In the book "算法助述" I got from Mr. Horibe, there is an interesting problem in pp. 51-52 as shown in the following picture. As I mentioned before, Mr. Horibe made two beautiful bead models with a large metal sphere inside. And more importantly, large and small balls have the correct ratio of radii, R/r=sqrt{5}. He told me that he gave one of these two models to Hidetoshi Fukagawa, the author of the book "Sacred Mathematica - Japanese Temple Geometry", because, through Dr. Fukagawa, he knew so much about these interesting Japanese sangaku problems.
This Sangaku problem was originally proposed by Ishikawa Nagamasa and written on a tablet hung in 1798 in Tokyo’s Gyuto Tennosha shrine. I was quite surprised by that I could understand this ancient problem without any translation. It was written in Chinese (or Kanji):

"今有以小球三十個如圖圍大球，小球者各切臨球四個與大球，小球徑三百零五寸，問大球徑幾何？

答曰：大球徑六百八十二寸。"

In English:

Thirty small balls cover one big ball where each small ball touches four other small balls and big balls.

The radius of small ball is 305 inches. Find the radius of large ball.

Answer: The radius of large ball is 682 inches.
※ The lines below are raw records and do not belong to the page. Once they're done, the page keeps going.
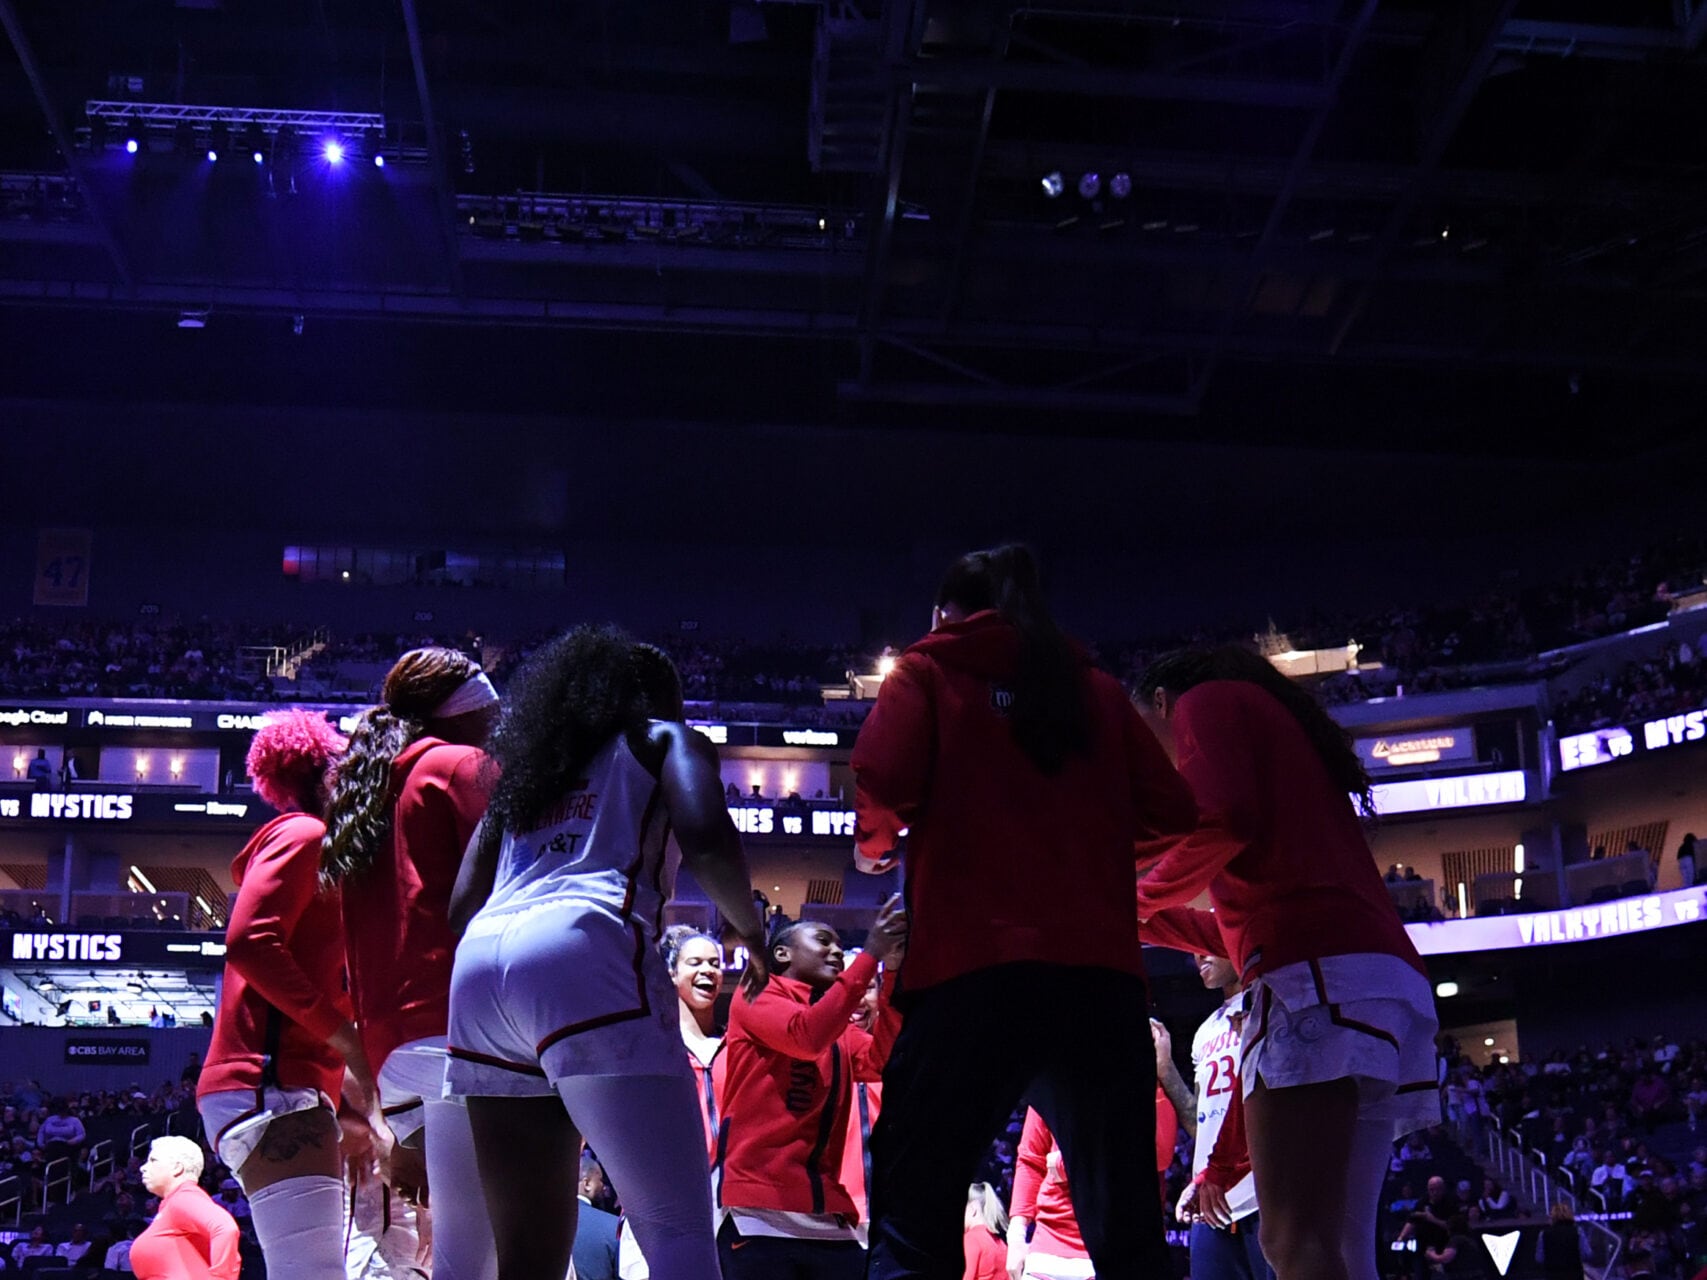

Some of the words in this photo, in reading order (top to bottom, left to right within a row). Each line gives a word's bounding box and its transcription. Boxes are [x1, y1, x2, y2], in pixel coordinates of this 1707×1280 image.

[1644, 709, 1707, 749] MYS
[31, 793, 133, 818] MYSTICS
[1517, 896, 1662, 944] VALKYRIES
[13, 934, 121, 960] MYSTICS
[77, 1046, 97, 1055] CBS
[98, 1046, 118, 1055] BAY
[117, 1046, 146, 1056] AREA
[1206, 1055, 1237, 1098] 23
In the page 52 of the book, there are some explanations on how to reach the answer by noting that thirty balls are located on the thirty vertices of an icosidodecahedron. It was written with some Japanese characters which I don't understand. But it is not hard to guess the rationale. One can see that if one starts from an arbitrarily chosen small ball, then moves to next ball along a fixed direction, and then the next one along the same direction. Eventually, one would trace over exactly 10 balls which are located on the large circle of a sphere with the radius equal to the sum of radii of small and large balls. Using some trigonometry, one can get the answer.